The automaker will continue developing self-driving robotaxis on the same small-vehicle platform, the sources said.
The decision represents the abandonment of a long-standing goal that Tesla chief Elon Musk has often characterized as its primary mission: affordable electric cars for the masses.
His first “master plan”, for the company in 2006 called for manufacturing luxury models first, then using the profits to finance a “low cost family car”.
Musk has since repeatedly promised such a vehicle to investors and consumers. As recently as January, Musk told investors that Tesla planned to start production of the affordable model at its Texas factory in the second half of 2025, following an exclusive Reuters report detailing those plans.
Two sources said they learned of Tesla’s decision to scrap the Model 2 in a meeting attended by scores of employees, with one of them saying the gathering happened in late February.
Tesla did not respond to requests for comment. After the story was published, Musk posted on his social media site X that “Reuters is lying (again).” He did not identify any specific inaccuracies. Shortly afterward, Musk posted on X: “Tesla Robotaxi unveil on 8/8”.
The third source confirmed the cancellation and said new plans call for robotaxis to be produced, but in much lower volumes than had been projected for the Model 2.
A fourth person with knowledge of Tesla’s plans expressed optimism about the decision to pivot away from the cheap-car strategy in favor of robotaxis, a segment Musk has envisioned as the future of mobility.
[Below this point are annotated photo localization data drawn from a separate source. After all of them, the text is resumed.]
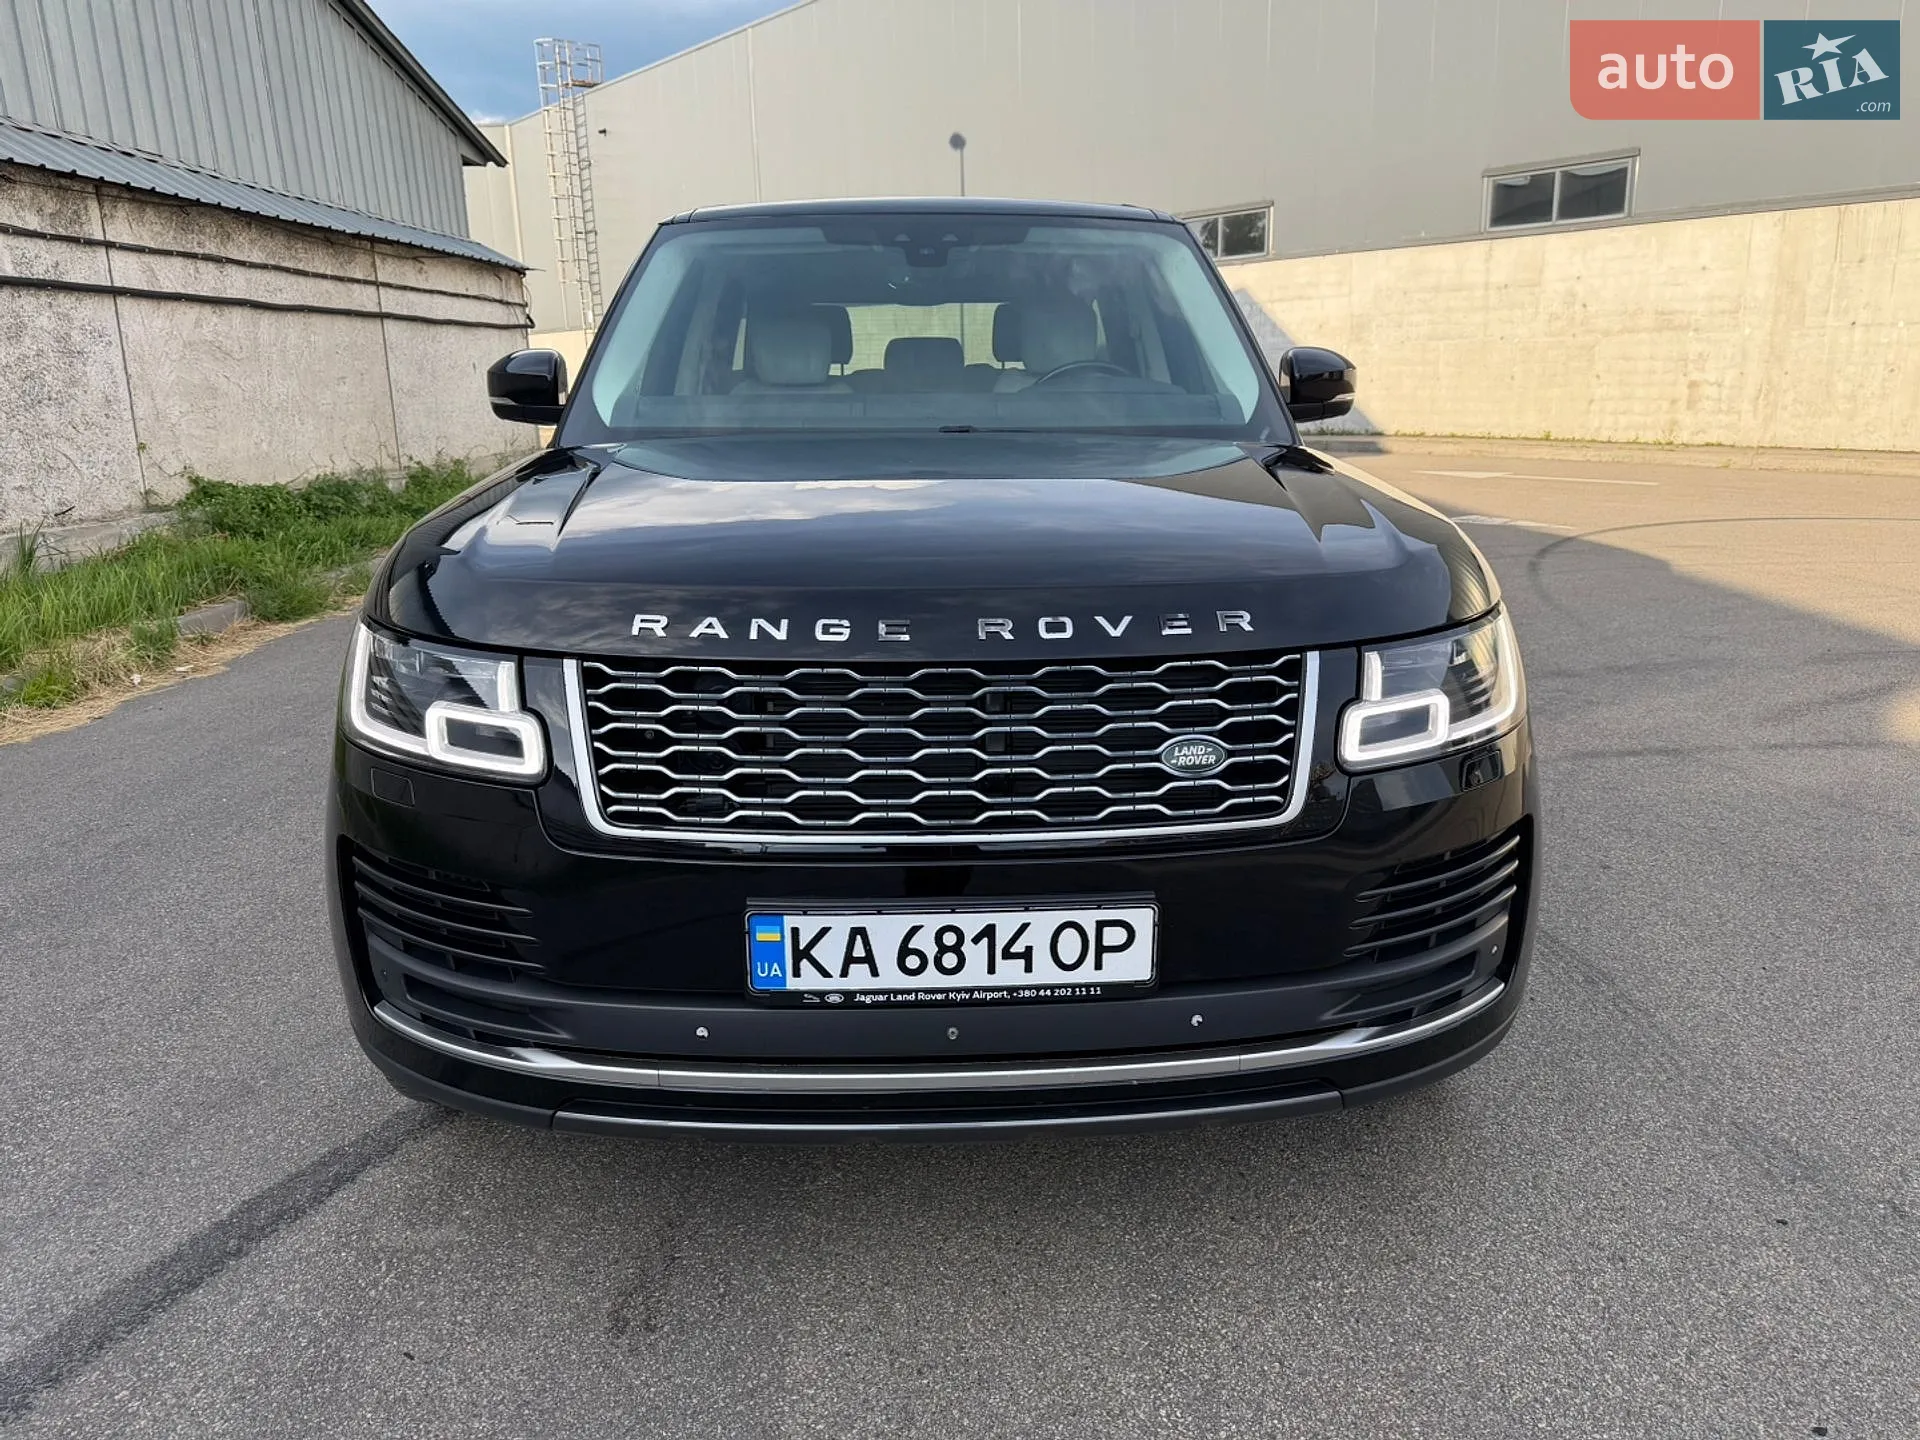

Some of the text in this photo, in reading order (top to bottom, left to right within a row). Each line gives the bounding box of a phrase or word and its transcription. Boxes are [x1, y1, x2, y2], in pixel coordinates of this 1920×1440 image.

[631, 609, 1255, 642] RANGE ROVER
[790, 918, 1136, 979] KA 6814 OP
[757, 961, 783, 978] UA
[853, 993, 887, 1004] Jaguar
[890, 992, 915, 1001] Land
[917, 991, 946, 1001] Rover
[949, 991, 969, 1002] Kyiv
[972, 989, 1010, 1000] Airport,
[1013, 988, 1037, 998] +380
[1038, 988, 1051, 997] 44
[1053, 987, 1072, 997] 202
[1075, 986, 1086, 996] 11
[1090, 986, 1101, 995] 11
Squeezing profits from entry-level vehicles is a challenge for any automaker. But Tesla’s delay in pursuing the car Musk once called his dream made it much tougher because it now faces far more competition in that price range.
Plans for the affordable Tesla have been seen as key to delivering on Musk’s stratospheric ambitions for sales growth. Musk said in 2020 that Tesla aspired to sell 20 million vehicles by 2030 — twice as many as the world’s largest automaker, Toyota, sells today. With the death of the Model 2, it’s unclear how he will reach this goal.
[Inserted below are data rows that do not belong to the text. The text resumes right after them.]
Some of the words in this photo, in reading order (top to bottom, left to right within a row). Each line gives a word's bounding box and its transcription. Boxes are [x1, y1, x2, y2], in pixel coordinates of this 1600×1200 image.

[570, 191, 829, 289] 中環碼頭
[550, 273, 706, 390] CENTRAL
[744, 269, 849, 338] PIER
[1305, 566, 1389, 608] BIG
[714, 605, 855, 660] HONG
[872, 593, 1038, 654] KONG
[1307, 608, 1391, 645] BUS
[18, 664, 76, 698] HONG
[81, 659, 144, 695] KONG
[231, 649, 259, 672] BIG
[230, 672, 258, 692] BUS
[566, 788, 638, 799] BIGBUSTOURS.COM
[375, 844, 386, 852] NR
Expectations for a more affordable vehicle have underpinned Wall Street analysts’ more modest, but still ambitious, forecasts for Tesla sales. Those forecasts, according to a Tesla investor-relations document, see vehicle sales rising to 4.2 million by 2028 from 1.8 million last year.
The cancellation of the affordable-car project comes as Tesla and other established automakers have been rocked by slowing EV demand growth in the United States and Europe, and cut-throat competition in China.
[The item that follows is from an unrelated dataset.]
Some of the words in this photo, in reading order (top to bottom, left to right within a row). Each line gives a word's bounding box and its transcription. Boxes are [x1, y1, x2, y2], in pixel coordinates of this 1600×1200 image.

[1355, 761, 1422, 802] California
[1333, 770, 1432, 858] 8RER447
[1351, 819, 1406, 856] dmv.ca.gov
If Tesla had moved forward with the low-cost car, it wouldn’t have arrived on the market until the latter half of 2025, by the company’s estimates. But the entry-level EV segment is already crowded with compelling models from BYD and many other Chinese brands.
Tesla is late to the segment in part because of a pivotal decision by Musk. In 2020, after releasing its hit crossover, the Model Y, Tesla focused on the highly experimental Cybertruck instead of an affordable car.
Tesla’s timeline and business model for robotaxis remain unclear. Musk has publicly predicted a future of mobility in which driverless taxis could eventually become a more common mode of transport than human-driven cars. He has said Tesla, the world’s most valuable automaker, would be “worth basically zero” without achieving full self-driving capability.
Tesla has yet to prove it can produce an autonomous car despite years of predictions by Musk that one was just around the corner, an expectation that partly underpinned Tesla’s soaring valuation. The automaker faces lawsuits and investigations into crashes involving its Autopilot and Full Self-Driving driver-assistance systems, which are not fully autonomous. Tesla has blamed the accidents on inattentive drivers.
Tesla’s Autopilot woes are among a number of problems that have drawn scrutiny. The automaker faces another investigation into the driving-range estimates of its cars, launched after Reuters reported last year that Tesla had rigged the in-dash range meters in its vehicles to give rosy projections. Reuters reported in December that the automaker blamed “driver abuse” for chronic failures of suspension and steering parts it long knew were defective.